O climatério, assim como a adolescência é uma das fases de crise na vida de uma mulher – e a crise é sempre uma ruptura, um colapso na vida das pessoas; geralmente vista como sinônimo de algo errado, imperfeito, injusto, não natural, portanto não aceitável. A crise realmente é um rapto que nos retira do nosso território confortável e seguro de pretensa estabilidade e certeza. Mas a crise traz em si não somente aspectos negativos, ela tem o aspecto duplo de perigo e oportunidade.
O analista junguiano Murray Stein (2004, p.2), diz que na meia-idade a psique explode, irrompe como a lava de um vulcão e esta lava modela e remodela as paisagens de nossas vidas psicológicas. Considera a crise da meia-idade como o período de reconhecimento de nossas mais secretas loucuras, como a crise do espírito, onde se perde o antigo e confortável senso daquilo que achamos que somos e se espera a formação daquilo que poderemos ser.
Assim, podemos dizer que a transição desta crise ou processo envolve uma mudança radical quanto à orientação – deslocando-se da persona para uma orientação orquestrada pelo Self. Esta mudança e todas as transformações que acontecem em sua periferia são aquilo que determina o próprio processo de individuação.
Conforme já citamos, o primeiro passo neste processo é a discriminação dos papéis sociais – aquilo que constitui o que denominamos como persona. Este termo foi proposto por Jung para designar os vários papéis sociais que vivemos em nossas vidas, o mecanismo através do qual nos relacionamos com o mundo de fora. Assim, uma mulher pode ser filha, esposa, mãe, amante, ter uma profissão, etc.

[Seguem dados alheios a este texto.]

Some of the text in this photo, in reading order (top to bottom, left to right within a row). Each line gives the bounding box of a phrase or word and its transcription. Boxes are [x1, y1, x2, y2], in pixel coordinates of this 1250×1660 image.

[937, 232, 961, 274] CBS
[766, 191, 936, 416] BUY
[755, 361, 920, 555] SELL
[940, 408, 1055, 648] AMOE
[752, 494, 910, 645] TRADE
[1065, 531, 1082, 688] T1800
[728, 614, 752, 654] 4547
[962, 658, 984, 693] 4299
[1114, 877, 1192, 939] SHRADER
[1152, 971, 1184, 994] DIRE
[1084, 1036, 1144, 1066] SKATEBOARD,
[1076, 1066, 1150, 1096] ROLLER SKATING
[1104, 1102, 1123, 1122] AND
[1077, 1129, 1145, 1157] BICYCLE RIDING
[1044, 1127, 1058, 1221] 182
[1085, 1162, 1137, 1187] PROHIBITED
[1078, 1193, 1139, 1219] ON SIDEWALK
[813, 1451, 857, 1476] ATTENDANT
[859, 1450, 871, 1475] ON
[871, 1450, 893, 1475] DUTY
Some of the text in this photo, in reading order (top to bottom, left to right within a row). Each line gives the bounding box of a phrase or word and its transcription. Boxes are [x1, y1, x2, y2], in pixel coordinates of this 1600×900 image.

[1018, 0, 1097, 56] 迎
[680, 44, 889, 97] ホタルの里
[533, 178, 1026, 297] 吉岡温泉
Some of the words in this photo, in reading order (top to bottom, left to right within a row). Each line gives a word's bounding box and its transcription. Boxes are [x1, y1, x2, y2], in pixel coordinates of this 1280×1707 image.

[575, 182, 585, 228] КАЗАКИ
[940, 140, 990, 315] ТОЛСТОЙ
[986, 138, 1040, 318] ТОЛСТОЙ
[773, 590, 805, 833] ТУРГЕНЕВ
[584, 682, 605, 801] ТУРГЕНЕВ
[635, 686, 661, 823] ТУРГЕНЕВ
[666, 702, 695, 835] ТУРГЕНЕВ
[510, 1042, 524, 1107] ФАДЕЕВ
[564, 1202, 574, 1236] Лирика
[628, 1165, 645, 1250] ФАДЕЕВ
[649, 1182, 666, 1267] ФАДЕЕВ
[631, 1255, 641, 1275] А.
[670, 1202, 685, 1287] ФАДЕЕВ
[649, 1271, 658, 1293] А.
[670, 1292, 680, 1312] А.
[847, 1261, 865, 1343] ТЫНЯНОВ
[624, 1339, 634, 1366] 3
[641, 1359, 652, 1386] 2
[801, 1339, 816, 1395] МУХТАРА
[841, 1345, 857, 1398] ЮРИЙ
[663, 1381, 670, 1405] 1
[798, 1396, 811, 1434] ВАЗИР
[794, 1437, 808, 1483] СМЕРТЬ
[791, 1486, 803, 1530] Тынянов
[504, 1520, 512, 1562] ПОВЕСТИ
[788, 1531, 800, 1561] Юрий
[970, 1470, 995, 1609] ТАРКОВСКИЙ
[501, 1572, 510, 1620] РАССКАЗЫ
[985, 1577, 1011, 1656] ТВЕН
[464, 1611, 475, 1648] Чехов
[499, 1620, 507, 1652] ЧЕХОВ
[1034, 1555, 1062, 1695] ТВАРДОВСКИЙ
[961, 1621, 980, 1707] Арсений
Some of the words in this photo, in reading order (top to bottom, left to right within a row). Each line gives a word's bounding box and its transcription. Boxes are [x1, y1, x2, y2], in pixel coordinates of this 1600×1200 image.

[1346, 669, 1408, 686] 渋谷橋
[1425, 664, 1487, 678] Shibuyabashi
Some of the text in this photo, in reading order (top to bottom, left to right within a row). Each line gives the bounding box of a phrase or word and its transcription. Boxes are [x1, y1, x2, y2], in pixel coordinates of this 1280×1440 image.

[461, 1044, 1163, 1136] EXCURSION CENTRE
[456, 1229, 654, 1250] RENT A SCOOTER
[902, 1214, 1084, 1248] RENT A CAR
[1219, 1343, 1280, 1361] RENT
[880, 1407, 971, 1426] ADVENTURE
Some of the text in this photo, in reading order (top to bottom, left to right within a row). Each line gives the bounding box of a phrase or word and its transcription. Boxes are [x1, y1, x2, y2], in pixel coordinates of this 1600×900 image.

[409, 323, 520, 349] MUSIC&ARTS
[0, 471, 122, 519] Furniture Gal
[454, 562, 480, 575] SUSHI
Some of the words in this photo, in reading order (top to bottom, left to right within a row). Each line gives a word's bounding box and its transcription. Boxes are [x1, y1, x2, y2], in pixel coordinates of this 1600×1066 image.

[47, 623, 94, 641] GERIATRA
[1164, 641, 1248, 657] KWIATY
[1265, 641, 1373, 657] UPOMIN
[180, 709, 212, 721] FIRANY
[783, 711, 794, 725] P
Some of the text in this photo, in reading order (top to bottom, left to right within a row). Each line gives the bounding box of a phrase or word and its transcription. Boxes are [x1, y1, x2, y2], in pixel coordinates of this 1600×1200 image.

Papéis que geralmente são bem estruturados e proporcionam segurança e conforto
Vamos pensar o que acontece quando a mulher entra no período perimenopausa: o climatério ou o período perimenopausa é a grande crise que as mulheres vivem justamente com a chamada crise da meia-idade. Muitas vezes são os sintomas físicos que ao imporem a observação de novos limites, deflagram o processo. Assim, além dos sintomas corporais inéditos, ocorrem situações inéditas na vida como: filhos indo embora de casa, a morte dos pais idosos, doenças na família, etc. Ou seja, muitas situações emocionais a serem vivenciadas e elaboradas.
Desta forma, podemos dizer que este período turbulento é um período de desenvolvimento, tanto quanto foi a infância ou a adolescência, a diferença agora é que a seta do desenvolvimento do individuo aponta mais para o interior do que para o exterior. O corpo não vai crescer, ao contrário, a tendência é se contrair, reduzindo-se e mantendo-se naquilo que lhe é essencial, dando espaço assim ao desenvolvimento da psique – em busca também do que lhe é essencial.
A menopausa feminina ocorre por volta dos 50 anos, geralmente dentro de um desvio padrão de 5 anos para mais ou para menos. A mulher entende que passou pela menopausa depois de 1 ano de sua última menstruação, sendo assim muitas vezes difícil precisar com exatidão quando ela ocorreu. Há períodos em que a regularidade fica totalmente caótica, seguidos de fases onde a regularidade se restabelece, além disso, terapias de reposição hormonal, dietas, cirurgias e tratamentos quimioterápicos podem levar à suspensão da menstruação de forma artificial. Geralmente os desconfortos físicos e psicológicos que acontecem durante esta fase e a reação das pessoas que convivem em seu circuito de relação, fazem com que esta fase seja considerada difícil, cheia de melindres dos quais todos gostariam rapidamente se esquivar ou esquecer (mulher instável, irritável, depressiva).
No entanto, mostra a história de outras culturas, que isto não foi e nem precisa ser vivido e avaliado desta maneira. Existem culturas onde as mulheres pós-menopausa são elevadas à categoria de velhas sábias, um posto honroso e muito respeitado pela comunidade que se favorece utilizando a sabedoria que elas adquiriram ao longo de suas vidas.
Tradições indígenas norte-americanas (Bolen, 2005, p.15) vêem o climatério e a menstruação como uma transição importante que faz parte dos chamados “mistérios do sangue”; que se iniciam na menarca, quando a jovem menstrua pela primeira vez. Quando ela engravida, passa para a segunda fase, onde o sangue é retido para gerar a nova vida e na terceira fase, quando pára de menstruar, o sangue é retido novamente – agora para gerar sabedoria. Nesta tradição, dizia-se que a mulher se tornava completamente madura após os 52anos, quando então adquiria o status de velha sábia ou grande mãe, zelando não só pela sua família, mas por toda a tribo. Vejam aqui que a mulher era preparada para esta etapa da vida e provavelmente ansiava por ela, diferentemente de nossa cultura ocidental onde o sangue retido é dito que sobe à cabeça e endoidece as mulheres.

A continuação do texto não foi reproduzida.